Vitamin D deficiency associated with a poorer response to HCV treatment in HIV/HCV-co-infected patients

Michael Carter
11 October 2012

Vitamin D deficiency is associated with a poorer response to hepatitis C therapy in people who are co-infected with HIV and hepatitis C, investigators report in the online edition of AIDS. Austrian researchers found that people with vitamin D deficiency were significantly less likely to have an early or sustained response to treatment than those with normal levels of the vitamin. This was especially the case for people with established risk factors for a poorer response to hepatitis C therapy, such as infection with genotypes 1 or 4, or a high hepatitis C viral load.

The investigators suggest: “Vitamin D supplementation may result in higher rates of virologic response in HIV/HCV coinfected patients.”

Previous research has shown a high prevalence of vitamin D deficiency in co-infected people. It is also known that the vitamin acts as an antiviral agent, inhibiting production of hepatitis C. In hepatitis C-monoinfected patients, improved response rates to treatment with pegylated interferon and ribavirin have been observed in those with sufficient levels of vitamin D.


early virological response (EVR)

A reduction in hepatitis C RNA viral load by week 12 of treatment. A partial early virological response (pEVR) means that it has dropped by at least 2 log10 (99%). A complete early virological response (cEVR) means that viral load is undetectable by week 12.


An inherited gene which all individuals have. There are three genotypes of IL28B; these influence response to hepatitis C and its treatment. People with CC genotype are more likely to spontaneously clear acute infection or (during chronic infection) respond well to interferon-based treatment. The other two genotypes are known as CT and TT.

Investigators in Austria therefore wanted to see if vitamin D was associated with response to hepatitis C treatment in co-infected people.

They designed a study involving 65 co-infected individuals who were taking hepatitis C therapy for the first time.

Vitamin D levels were defined as normal if they were above 30 ng/ml; insufficient when between 10 and 30 ng/ml; and deficient if below 10 ng/ml.

Most of the participants (71%) were men; their median age was 37 years. There was a high prevalence of risk factors associated with a poorer response to hepatitis C treatment. Over two-thirds (68%) of participants were infected with the harder-to-treat genotypes; 65% had a high hepatitis C viral load; two-thirds lacked the IL28B genetic mutation; and 40% had advanced liver fibrosis.

Only a fifth of participants had sufficient levels of vitamin D. Levels were insufficient in 57% and deficient in 23%.

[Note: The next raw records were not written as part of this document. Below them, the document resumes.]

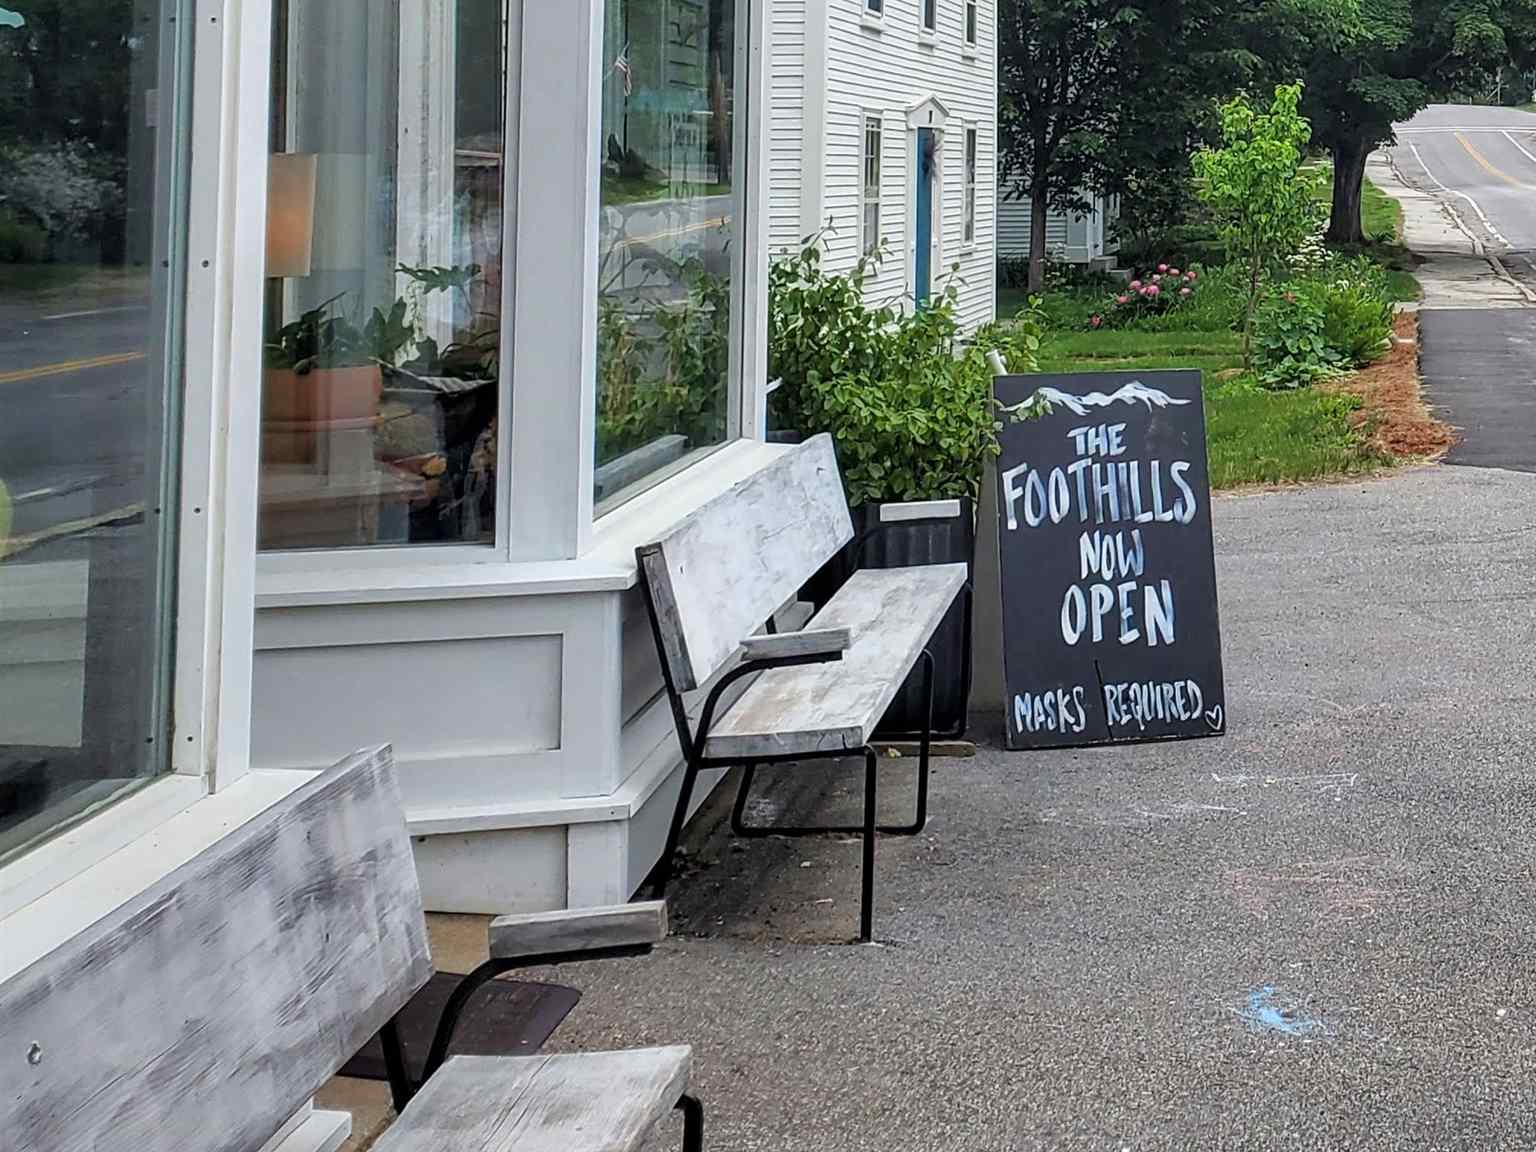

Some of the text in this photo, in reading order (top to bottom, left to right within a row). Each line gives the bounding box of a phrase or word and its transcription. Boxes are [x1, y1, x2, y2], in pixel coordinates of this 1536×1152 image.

[1067, 422, 1127, 456] THE
[1001, 459, 1198, 530] FOOTHILLS
[1079, 529, 1144, 580] NOW
[1060, 579, 1176, 647] OPEN
[1014, 678, 1203, 734] MASKS REQUIRED

“We observed a high prevalence of vitamin D insufficiency and deficiency in our study population,” comment the authors.

There was a higher prevalence of advanced fibrosis in people with vitamin D deficiency compared to those with sufficient vitamin levels (53 vs 13%, p = 0.009).

Rates of early virological response (EVR) to hepatitis C treatment (undetectable viral load after twelve weeks) differed according to vitamin D status. Almost all (92%) of participants with sufficient levels of the vitamin achieved this outcome, compared to 68% of those with vitamin D insufficiency and 47% of people with deficient levels of the vitamin. The difference between participants with sufficient and deficient vitamin D was significant (p = 0.0160).

The chances of achieving a sustained virological response (SVR; undetectable hepatitis C viral load 24 weeks after the completion of therapy) also differed according to vitamin D level. An SVR was observed in 85% of participants with normal vitamin D; in 60% of those with insufficiency; and 40% of individuals with vitamin D deficiency. Therefore, people with vitamin D sufficiency were significantly more likely to achieve an SVR than those with vitamin D deficiency (p = 0.024).

People with two or three recognised risk factors for poorer treatment outcomes and vitamin D deficiency had lower SVR rates than participants with the same similar numbers of risk factors and vitamin D sufficiency (52 vs 0%, p = 0.016).

The authors conclude that low vitamin D levels are associated with significantly poorer rates of EVR and SVR in co-infected patients. “Prospective, randomized trials on vitamin D supplementation in HIV/HCV co-infected patients receiving chronic hepatitis C therapy are highly encouraged.”


Mandorfer M et al. Low vitamin D levels are associated with impaired virologic response to PEGIFN+RBV therapy in HIV/HCV coinfected patients. AIDS 26, online edition. DOI: 10.1097/QAD.0b013e32835aa161, 2012.